→ The problem
Make an exact copy of the records that follow, with each picture omitted.

→ Data items
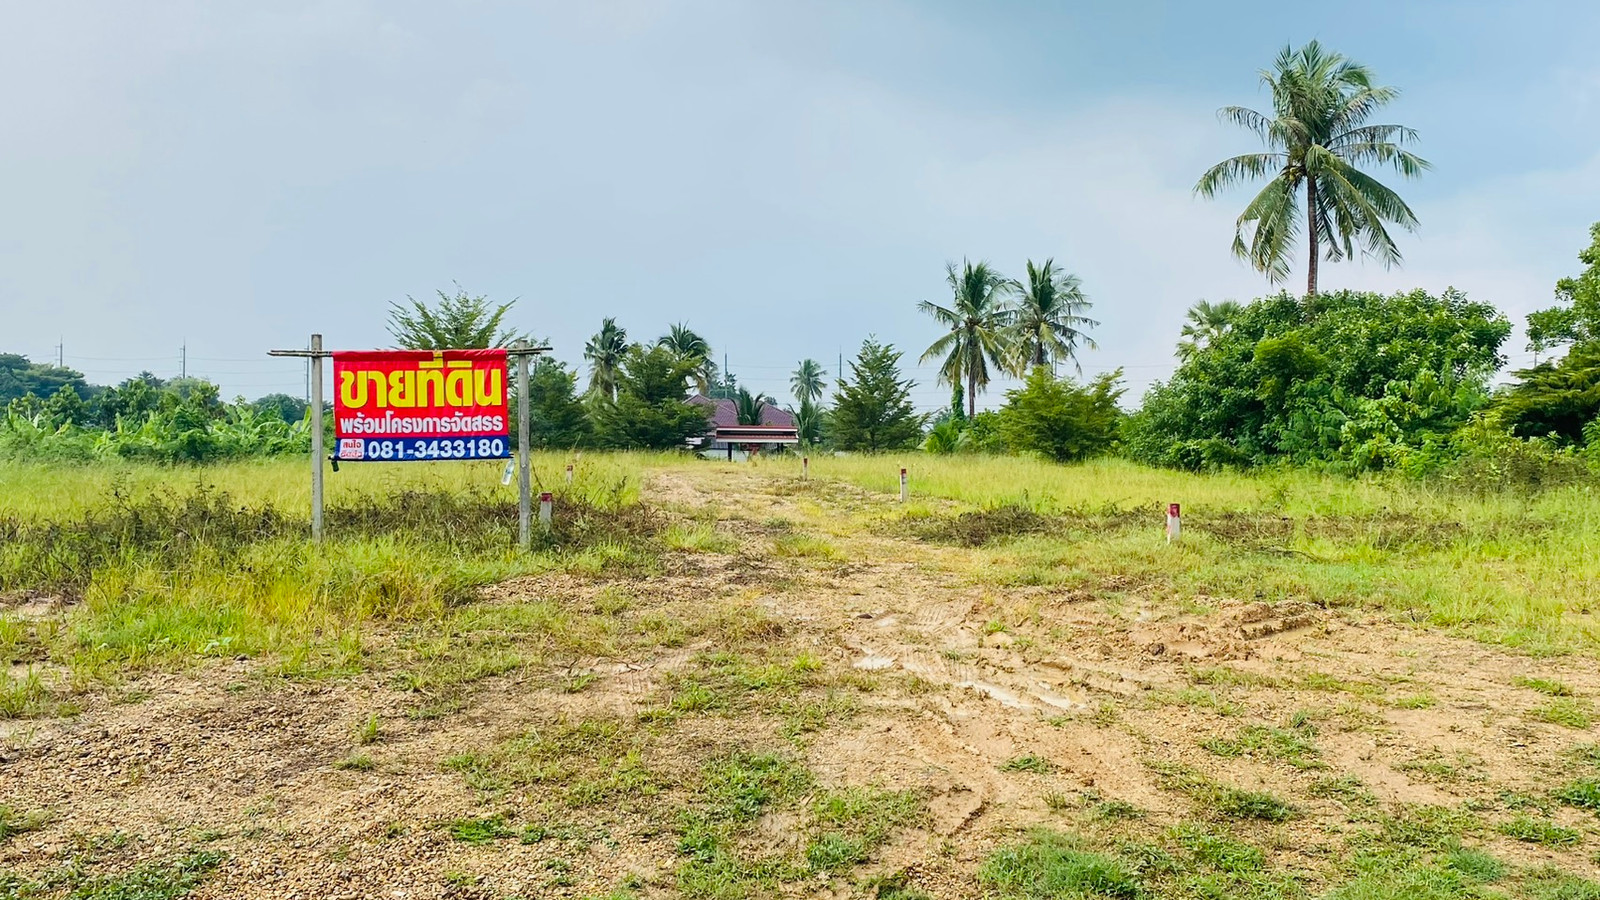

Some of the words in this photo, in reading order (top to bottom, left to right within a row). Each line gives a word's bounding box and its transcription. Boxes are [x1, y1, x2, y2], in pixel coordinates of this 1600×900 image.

[340, 350, 502, 409] ขายที่ดิน
[340, 411, 503, 434] พร้อมโครงการจัดสรร
[343, 439, 362, 448] สนใจ
[367, 438, 504, 459] 081-3433180

→ Answer below
Some of the words in this photo, in reading order (top to bottom, left to right within a row). Each line gives a word's bounding box and its transcription. Boxes are [x1, y1, x2, y2], in pixel coordinates of this 1600×900 image.

[340, 350, 502, 409] ขายที่ดิน
[340, 411, 503, 434] พร้อมโครงการจัดสรร
[343, 439, 362, 448] สนใจ
[367, 438, 504, 459] 081-3433180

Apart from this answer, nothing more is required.